New legislation is encouraging cross-border leasing. But
is it economically beneficial to lessors
  

Andy Thompson

There are many established patterns of leasing across borders
within Europe. True cross-border leasing – where lessor and lessee
are resident in different countries – is largely, though not
entirely, confined to the big ticket sector. There are, of course,
many multinational leasing operations in the volume leasing
business, particularly in the vendor sector, but these are
invariably structured so that the lessor party in each contract is
a locally incorporated subsidiary.

Where UK-to-foreign leases are concerned, the corporate tax
changes enacted in 2006 (see box) have changed the picture. Some UK
banks, notably Lloyds TSB Asset Finance, are currently active in
leasing direct into several other European countries. Up to last
year, this was principally confined to ships and aircraft, although
there are signs that this may be changing.
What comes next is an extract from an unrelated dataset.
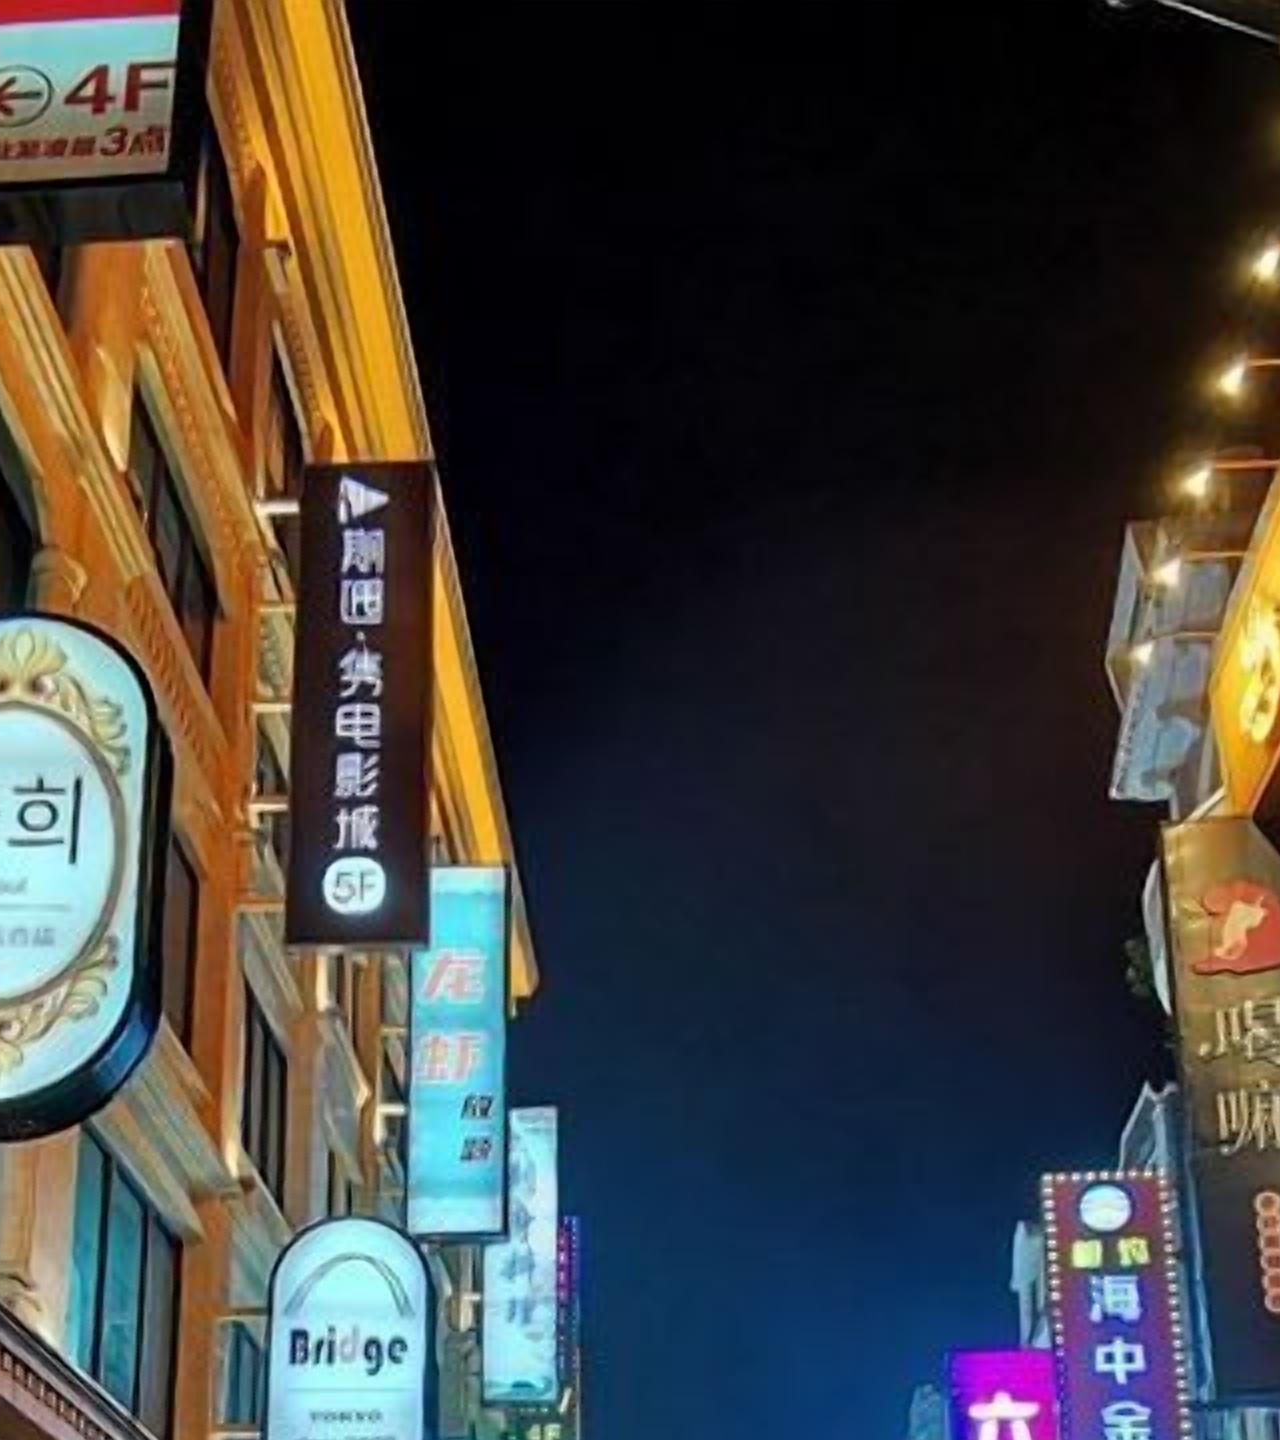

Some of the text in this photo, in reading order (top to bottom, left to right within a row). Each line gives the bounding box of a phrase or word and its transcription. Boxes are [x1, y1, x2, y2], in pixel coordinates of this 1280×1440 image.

“The 2006 Finance Act did not exactly open the floodgates to
outward leasing, although it helped,” says Vasgen Edwards, managing
director of corporate asset finance at Lloyds TSB.   His
company also bucks the trend of lessors only, in the main, leasing
big ticket assets cross-border. It transacts operating lease deals
of construction machinery that range in value from £100,000 to
£700,000.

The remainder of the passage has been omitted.